The software market overall, though, is going to go through a huge transformation which is already starting. This is a bit like what the Tribeka products are doing, which enables you to download software. Now, whether you do that in store or whether you do that at home remains to be seen. It does enable you to carry a wider range for the supermarkets than perhaps they would do traditionally. I think where we would benefit there is by having sales colleagues who can actually deliver the customer service that a consumer is looking for when they’re using a product like that. I’m not sure it would be a very good self-service opportunity in a high footfall environment.

The bigger part is what happens further down the line with software, and the fact that as hardware becomes more tailored to customers’ usage, we’ll either be downloading or asking someone in a store environment to help tailor the product to the customer’s needs. That’s where our tech guys and PC clinic come into their own. We are seeing a lot more sales and bookings from customers asking our guys to help them out with what the right software is for their machine.

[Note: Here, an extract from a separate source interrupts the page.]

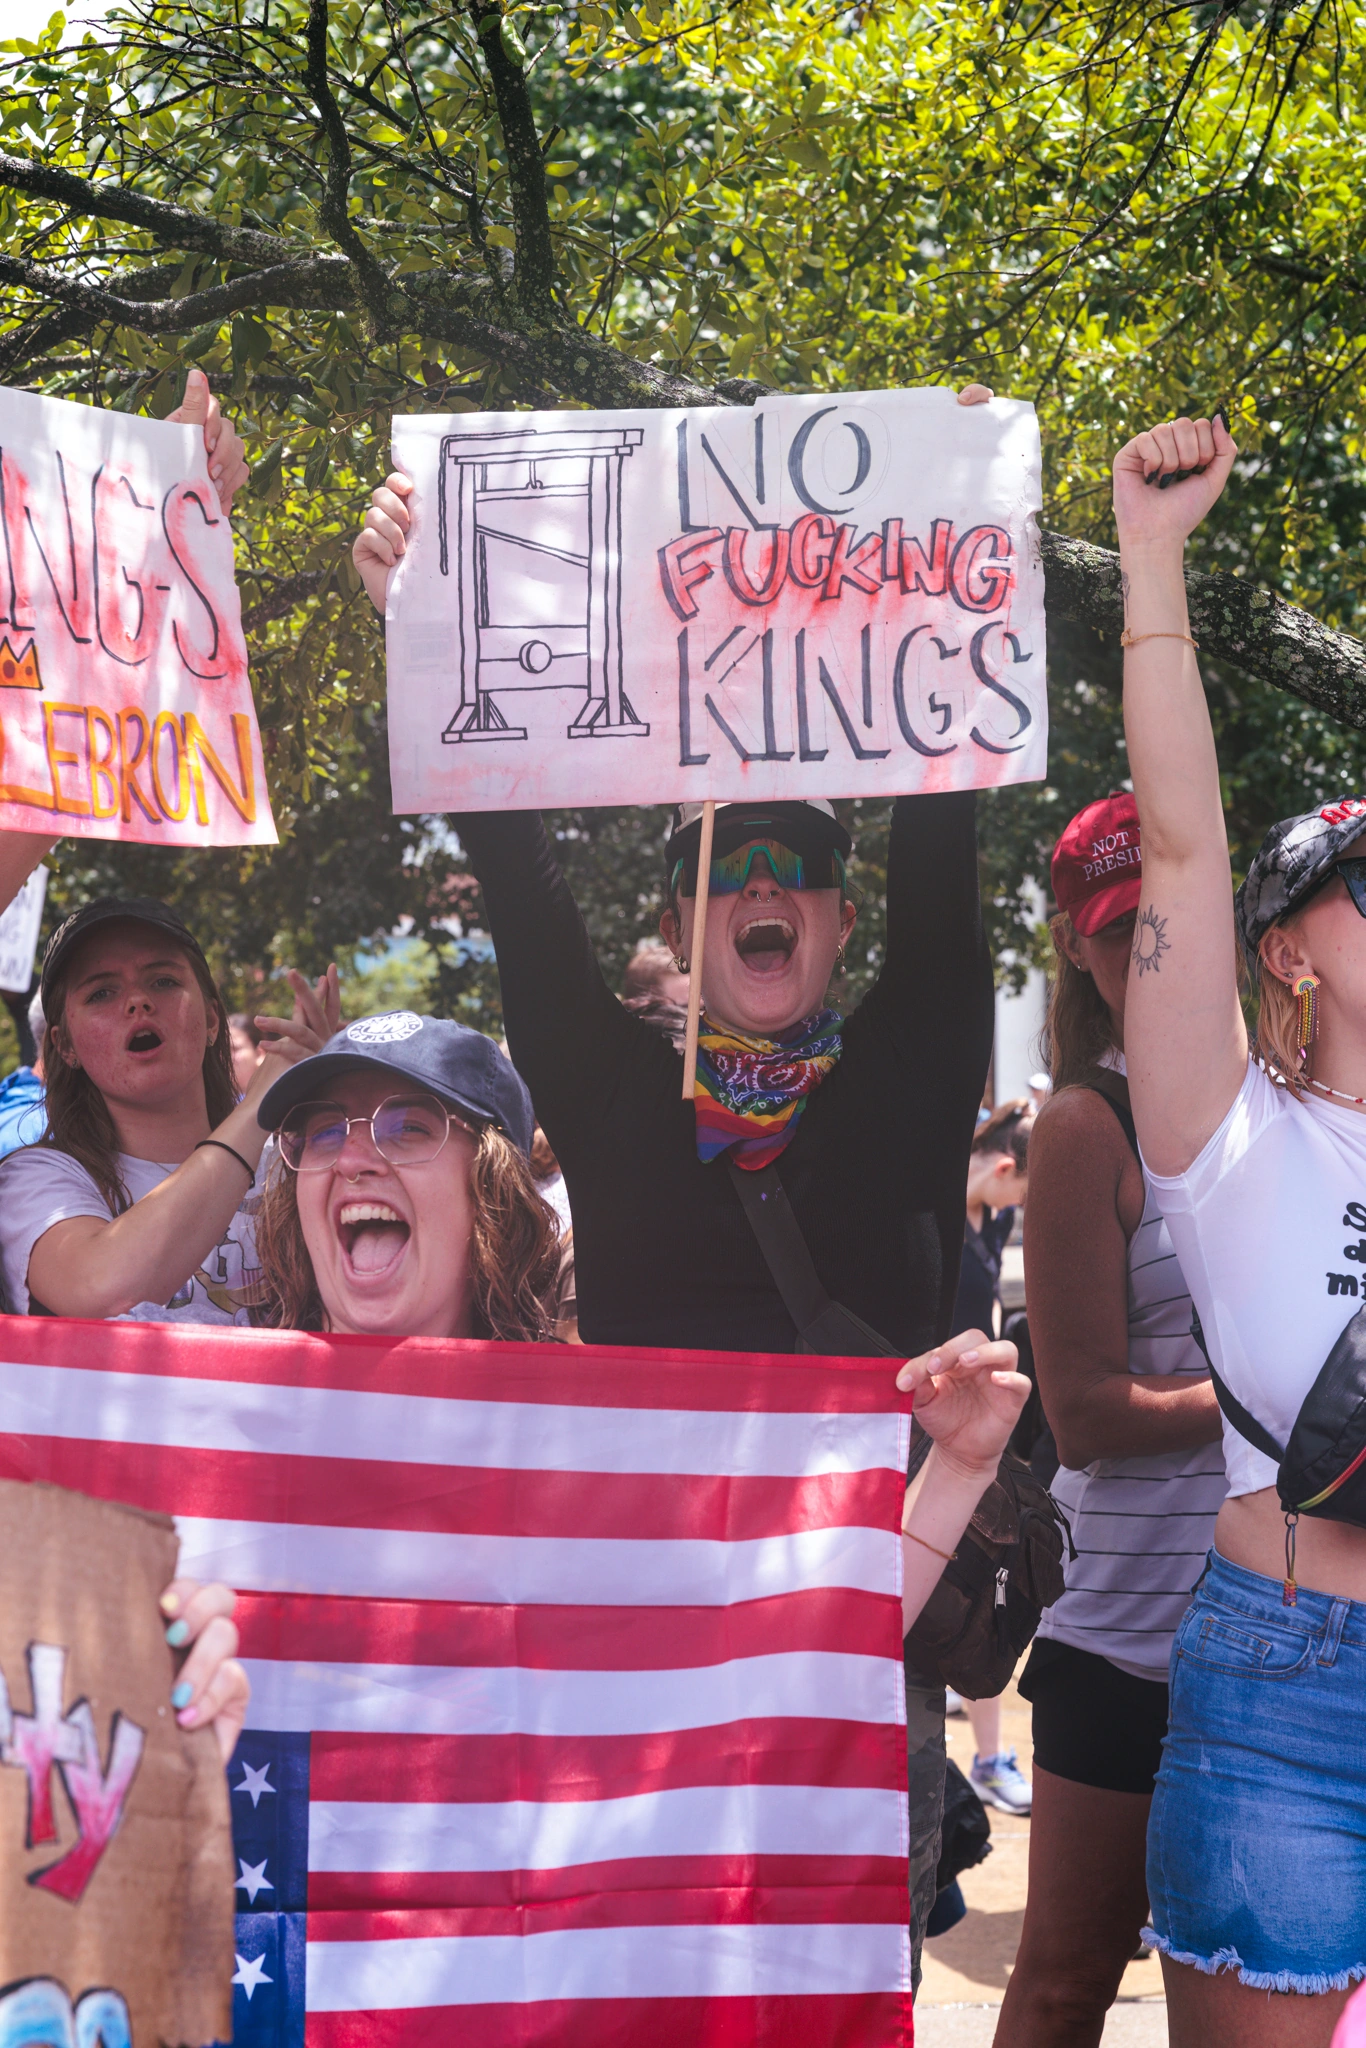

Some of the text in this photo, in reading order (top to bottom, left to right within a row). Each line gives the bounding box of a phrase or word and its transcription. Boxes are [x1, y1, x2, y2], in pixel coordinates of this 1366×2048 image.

The Equanet office in Surbiton was recently closed, which was described as an ‘ongoing transformation of B2B operations’. Will there be more streamlining of the operation on the cards, or will they be transformed in some other way in 2010?

MW: The B2B part of the business was more severely impacted by the recession. And that impacts both our in-store B2B sales and Equanet sales. We have a new managing director of the division, Phil Birbeck. I won’t talk in too much detail about his plans, but it is clear that the B2B market is important to us, and will remain so.